CCBC-Net Archives

Ana Maria Machado Interview

From: Julie Kline <cla>
Date: Thu, 29 Jun 2000 16:41:03 -0500

Following are additional excerpts from a recent email interview I comducted with Brazilian author Ana Maria Machado for CCBC-Net:

Q: What do you try to convey? What motivates you to write for children?

A: I don't try to convey anything in particular. Maybe I just try to share a way of looking at the world and at life in general. A personal view that is full of dreams of a better place and better times, with more justice and freedom.

    My motivation for writing is my love for the language and for stories in general. I have always loved to read and listen to stories, so I just want to go on doing it and making it possible for other people to find more stories - the ones I write. I write for adults and for children with the same motivation - language. In writing for children, there is a fascinating challenge : working with a language that is very close to the spoken language of current everyday situations and, at the same time, making it blossom into something out of the ordinary, through a poetic or humorous way of using it.

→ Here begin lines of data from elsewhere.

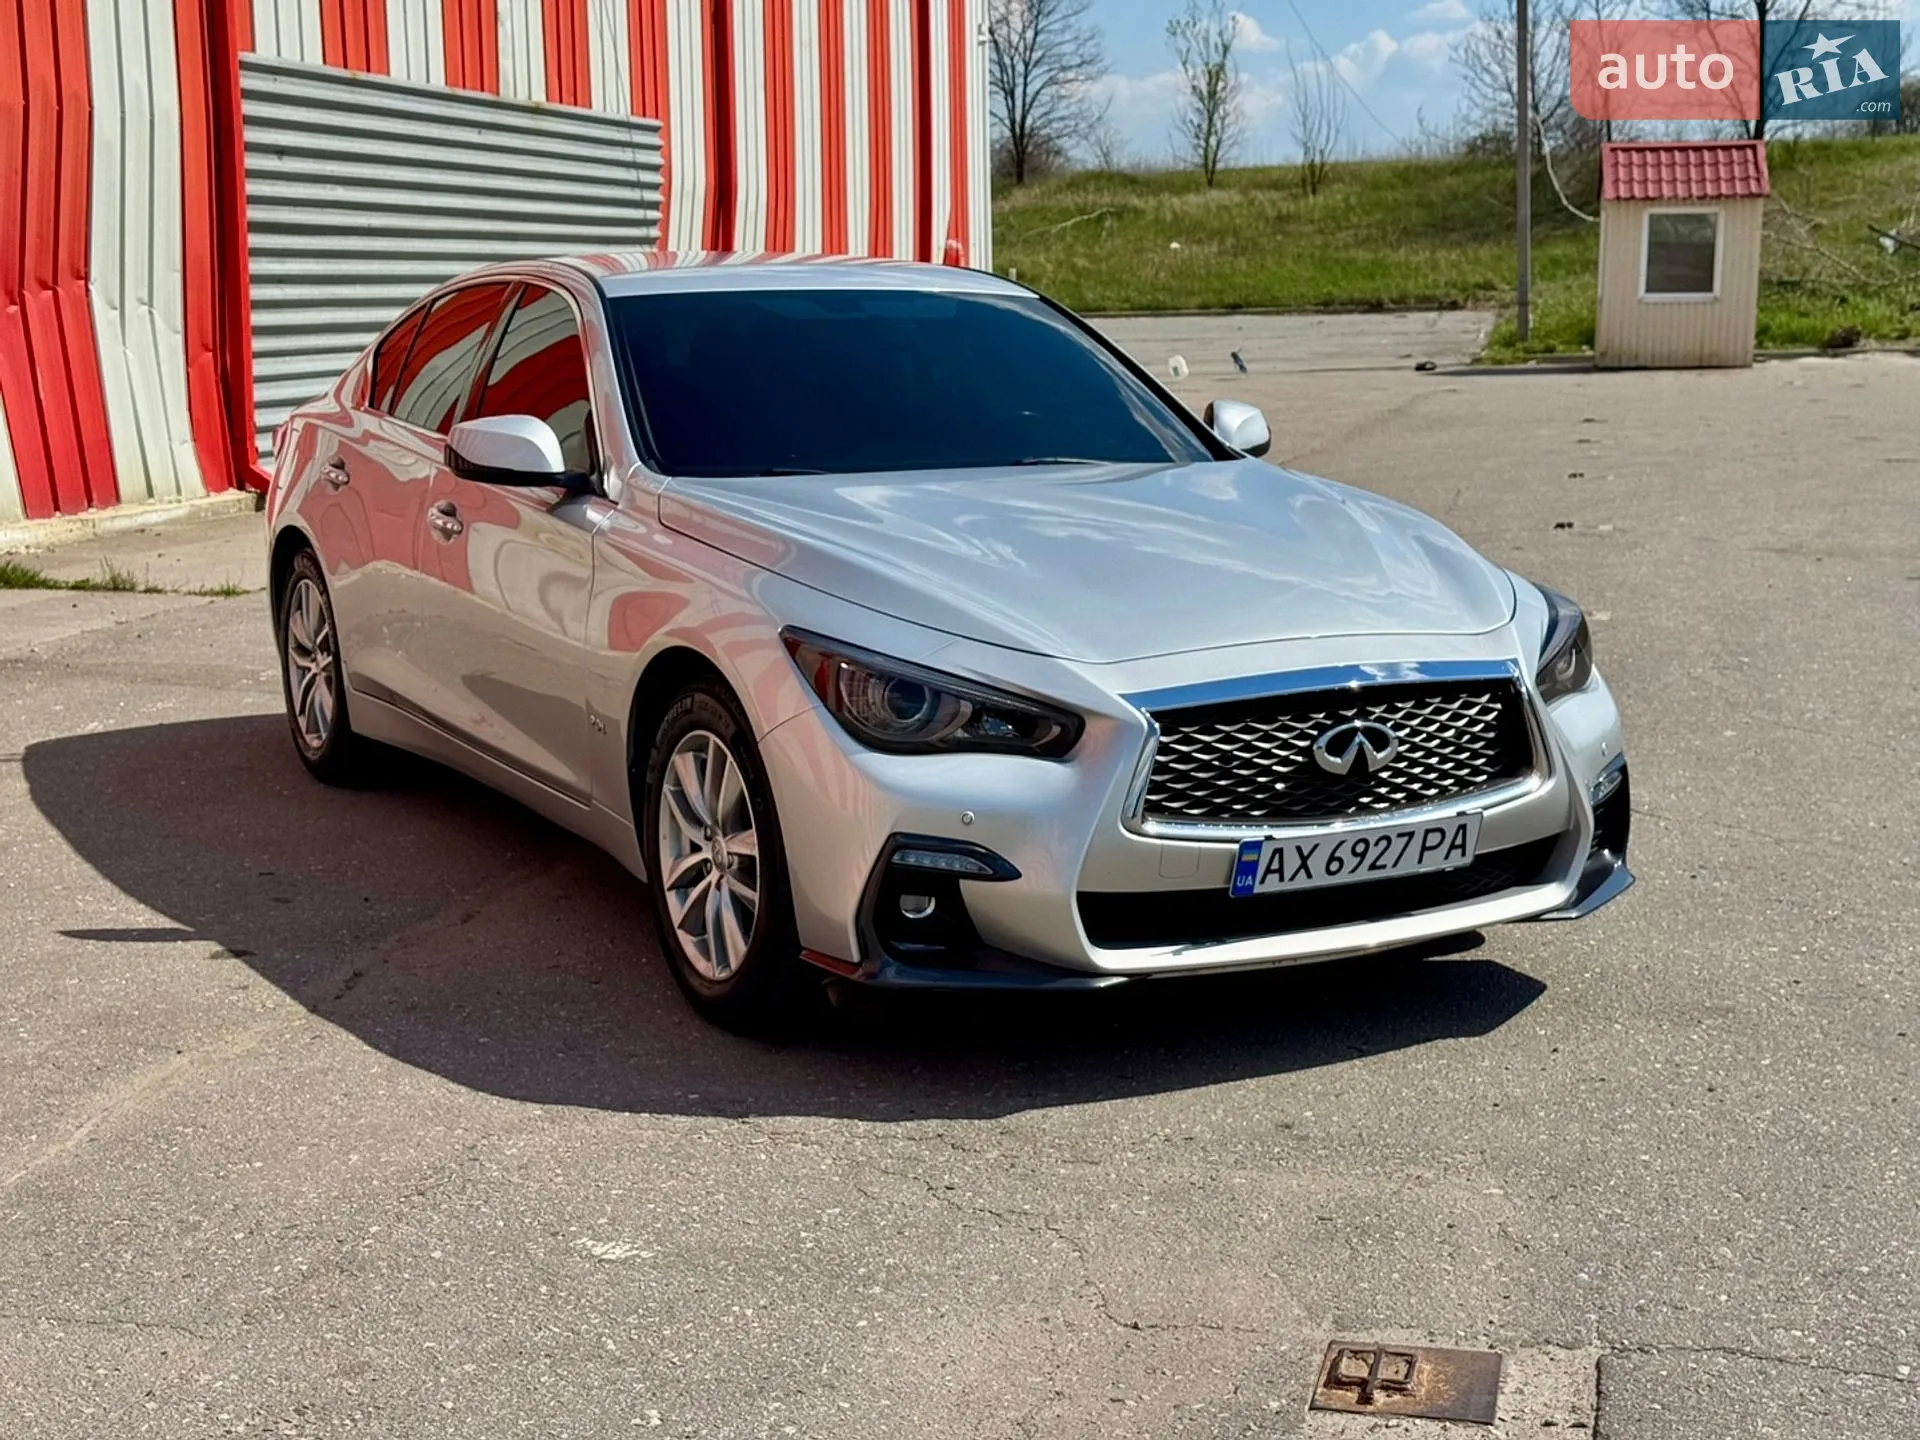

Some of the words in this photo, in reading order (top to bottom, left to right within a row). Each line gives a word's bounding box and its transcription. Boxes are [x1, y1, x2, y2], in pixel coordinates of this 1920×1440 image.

[1259, 843, 1321, 885] AX
[1325, 831, 1416, 876] 6927
[1417, 823, 1468, 864] PA
[1236, 875, 1254, 888] UA
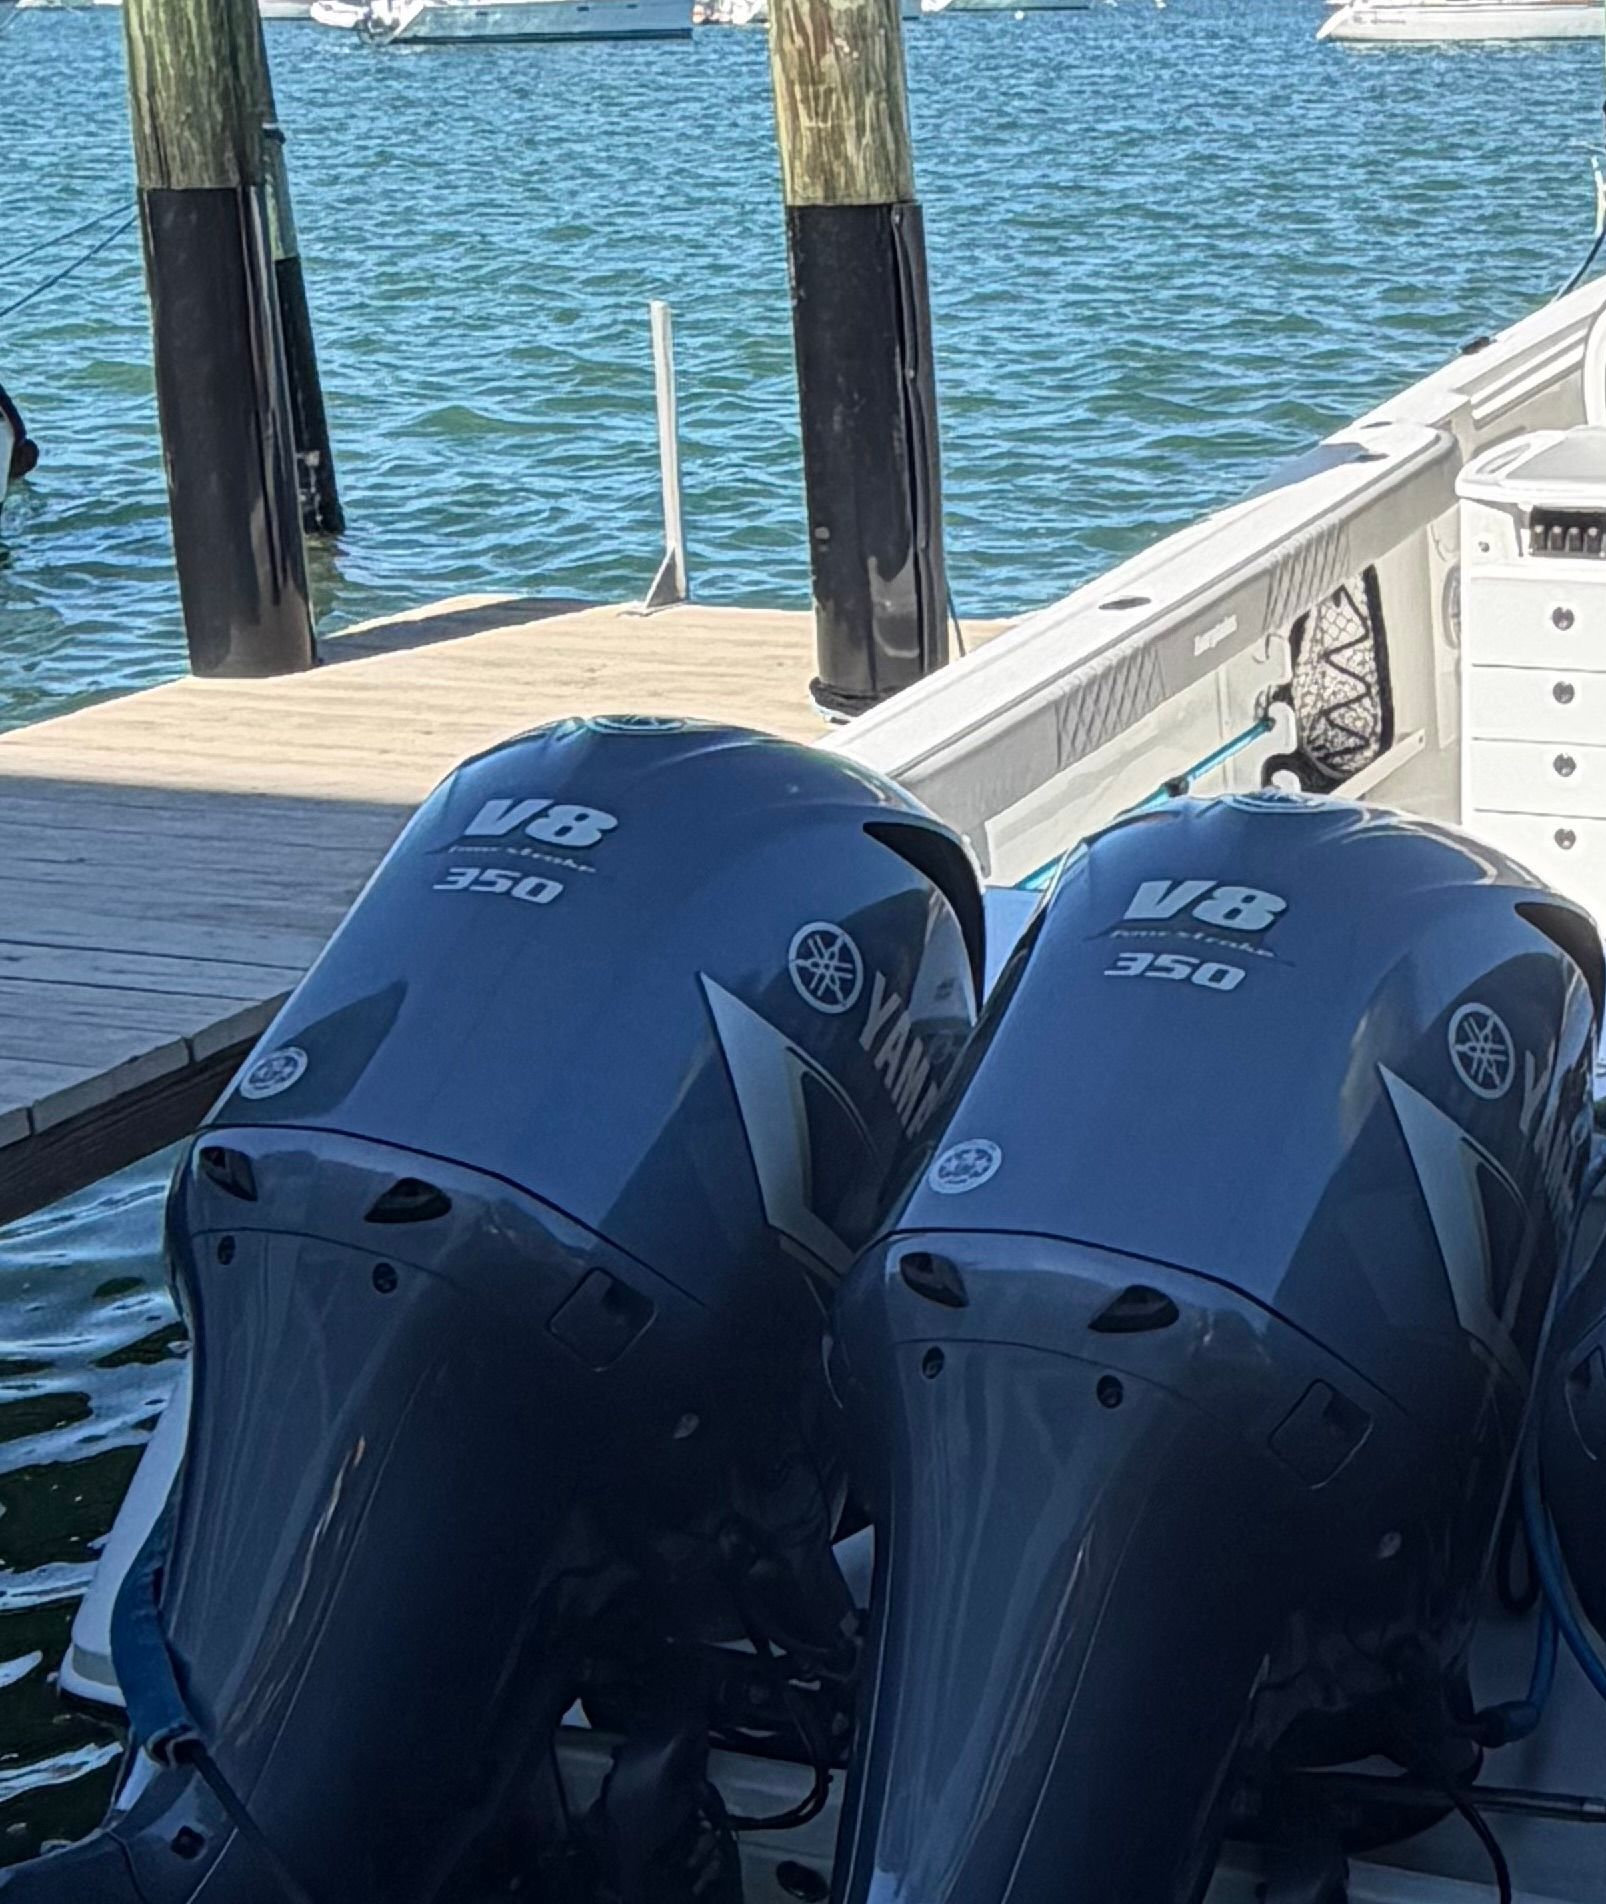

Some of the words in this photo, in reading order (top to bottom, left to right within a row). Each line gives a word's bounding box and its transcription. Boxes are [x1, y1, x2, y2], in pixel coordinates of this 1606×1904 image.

[463, 798, 619, 847] V8
[432, 867, 565, 905] 350
[1123, 879, 1288, 931] V8
[1103, 952, 1247, 992] 350

Q: How widely has your work been translated? What languages/what countries?

A: Books of mine have been translated into Spanish (nearly 30 titles) in Spain, Venezuela, Colombia, Argentina, Mexico. Also in German (Germany and Switzerland), French (France and Switzerland), Swedish (Sweden), Norwich
(Norway), Danish (Denmark),Japanese (Japan), Basque (Spain), Dutch (the Netherlands), English (USA and England) and even in Portugal, because it is not easy for Portuguese children to read books written in Brazilian Portuguese, and publishers often prefer to have them rewritten locally.

Q: Do you think your work is universal or more specifically written with Brazilian children in mind?

A: I am not aware of having any particular children in mind when I write, but as I am Brazilian, it may well happen that my experience and my culture show in what I write. In some of the books, I am conscious that this can be a strong aspect. But, as a reader, I have always read and enjoyed books which had a rather strong regional or national background, and that fact didn't stop them from being universal at the same time.

    Also, I have been reading and discussing my books with children in different countries - from Sweden to Angola, from the U.S. to Germany and they never seemed to find any difficulty with the stories due to the fact that I am Brazilian. But , as sometimes this kind of question is asked by adults in the States, I think it may well be that it is an issue American adults are concerned about.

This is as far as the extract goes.